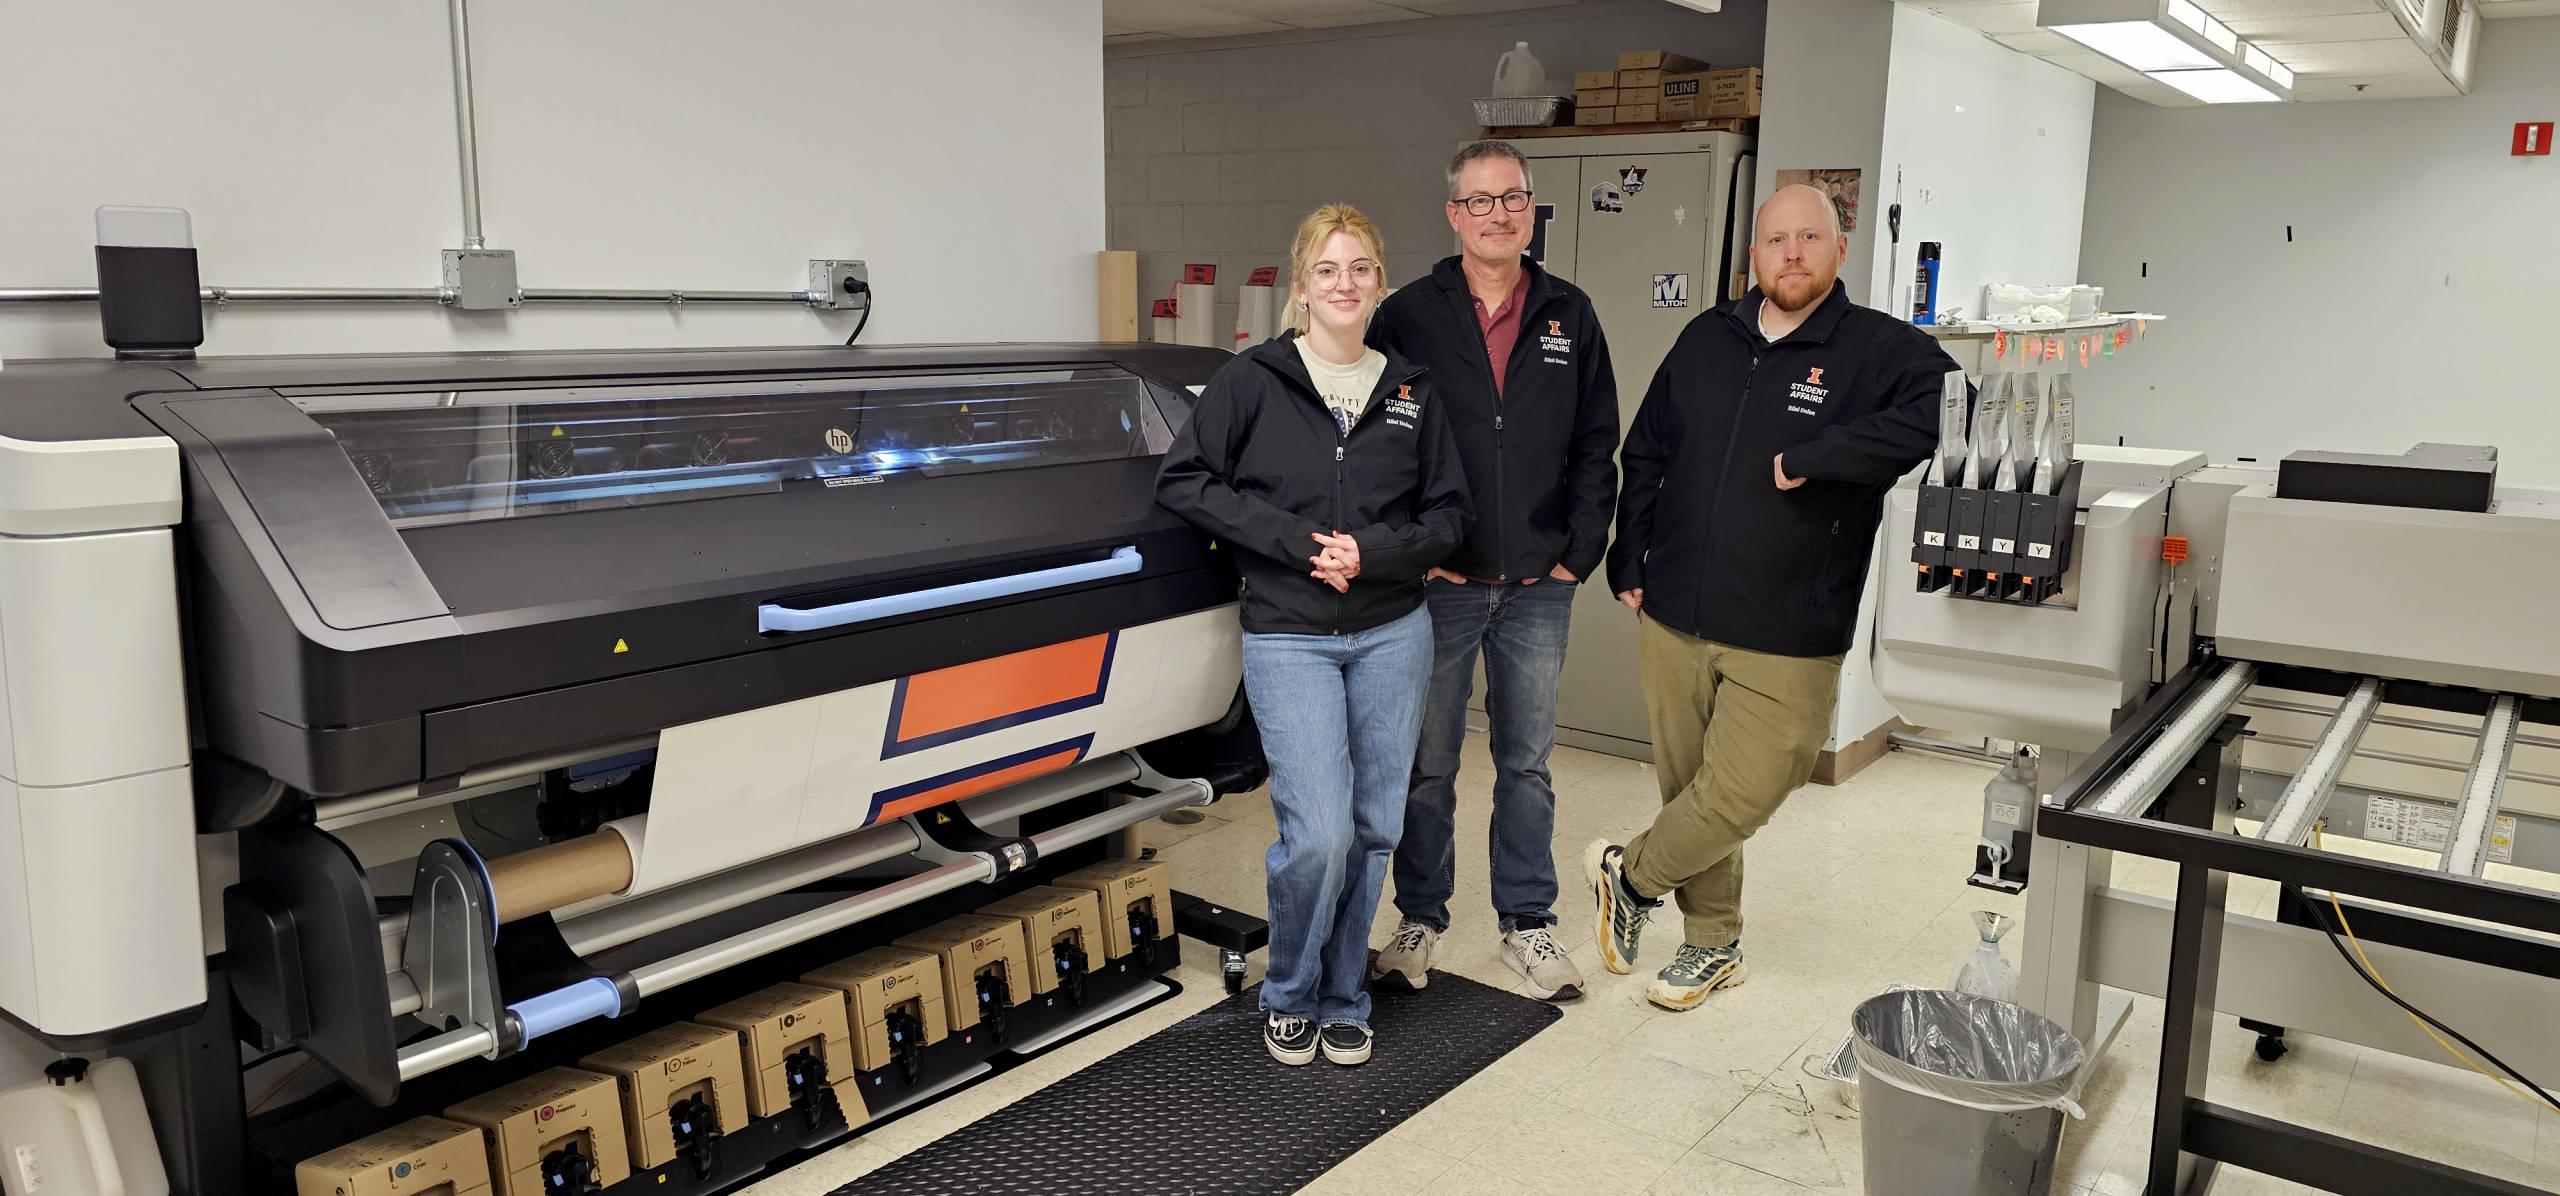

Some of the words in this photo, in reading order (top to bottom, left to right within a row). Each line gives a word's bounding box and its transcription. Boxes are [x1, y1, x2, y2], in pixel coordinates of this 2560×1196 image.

[1666, 81, 1697, 95] ULINE
[1540, 336, 1571, 346] STUDENT
[1542, 343, 1570, 353] AFFAIRS
[1790, 383, 1829, 397] STUDENT
[1790, 391, 1824, 404] AFFAIRS
[1385, 399, 1420, 412] STUDENT
[1385, 405, 1418, 419] AFFAIRS
[829, 429, 849, 453] hp
[1930, 535, 1939, 544] K
[1965, 538, 1973, 547] K
[2000, 542, 2007, 550] Y
[2036, 546, 2044, 555] Y
[682, 1058, 697, 1066] Yellow
[555, 1104, 576, 1114] Magenta
[413, 1161, 427, 1170] Cyan

....

▸ WHAT THE TASK ASKS
Every line of the listing above is to be repeated exactly, with its pictures left out.

▸ RESPONSE TO THE TASK
Some of the words in this photo, in reading order (top to bottom, left to right within a row). Each line gives a word's bounding box and its transcription. Boxes are [x1, y1, x2, y2], in pixel coordinates of this 2560×1196 image.

[1666, 81, 1697, 95] ULINE
[1540, 336, 1571, 346] STUDENT
[1542, 343, 1570, 353] AFFAIRS
[1790, 383, 1829, 397] STUDENT
[1790, 391, 1824, 404] AFFAIRS
[1385, 399, 1420, 412] STUDENT
[1385, 405, 1418, 419] AFFAIRS
[829, 429, 849, 453] hp
[1930, 535, 1939, 544] K
[1965, 538, 1973, 547] K
[2000, 542, 2007, 550] Y
[2036, 546, 2044, 555] Y
[682, 1058, 697, 1066] Yellow
[555, 1104, 576, 1114] Magenta
[413, 1161, 427, 1170] Cyan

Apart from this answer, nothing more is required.